Segment Open
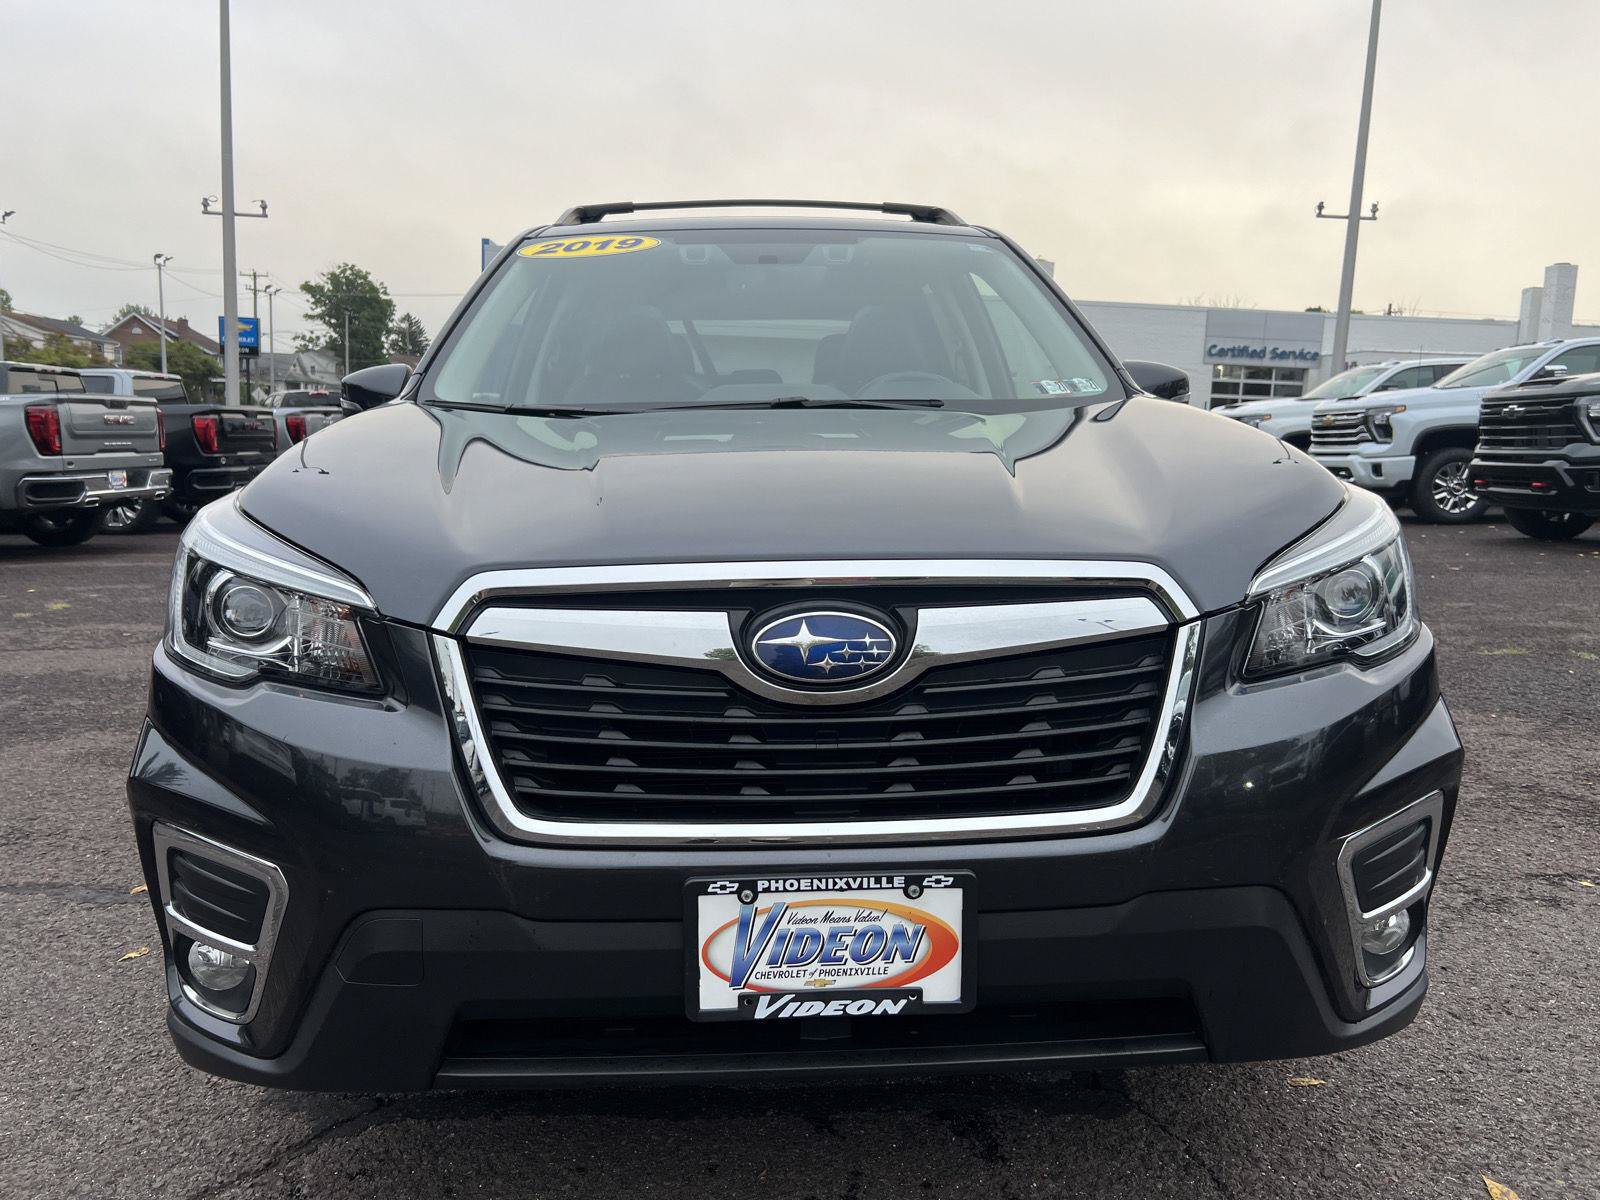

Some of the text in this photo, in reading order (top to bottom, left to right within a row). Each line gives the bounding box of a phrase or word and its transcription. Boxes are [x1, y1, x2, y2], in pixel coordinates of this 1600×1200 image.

[532, 238, 644, 255] 2019
[1207, 344, 1320, 361] Certified Service
[757, 876, 905, 892] PHOENIXVILLE
[787, 908, 888, 925] Videon Means Value!
[729, 902, 927, 990] VIDEON
[754, 966, 889, 980] CHEVROLET of PHOENIXVILLE
[754, 994, 907, 1020] VIDEON
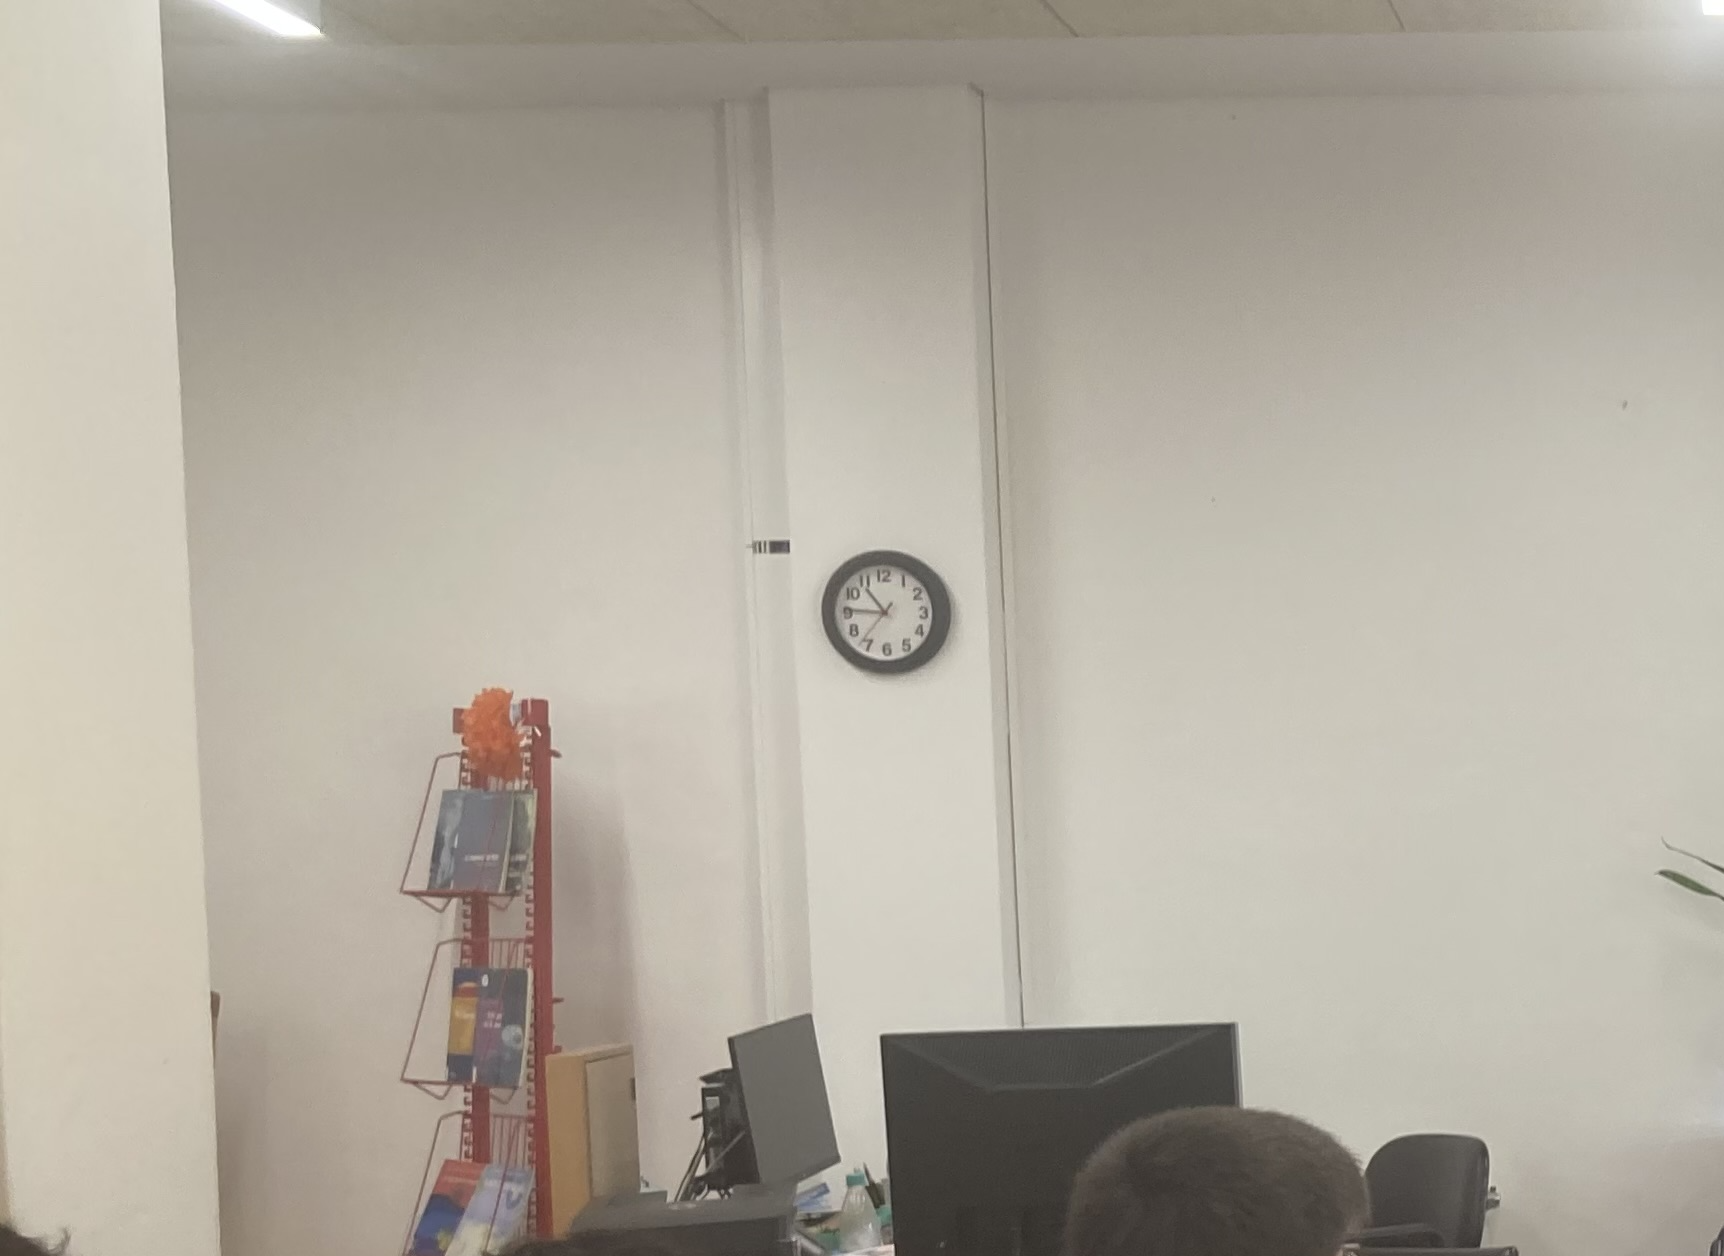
Segment Closed
Write the entries above out again exactly, omitting each image.

Some of the text in this photo, in reading order (top to bottom, left to right within a row). Each line gives the bounding box of a phrase or word and its transcription. Boxes are [x1, y1, x2, y2], in pixel coordinates of this 1600×1200 image.

[532, 238, 644, 255] 2019
[1207, 344, 1320, 361] Certified Service
[757, 876, 905, 892] PHOENIXVILLE
[787, 908, 888, 925] Videon Means Value!
[729, 902, 927, 990] VIDEON
[754, 966, 889, 980] CHEVROLET of PHOENIXVILLE
[754, 994, 907, 1020] VIDEON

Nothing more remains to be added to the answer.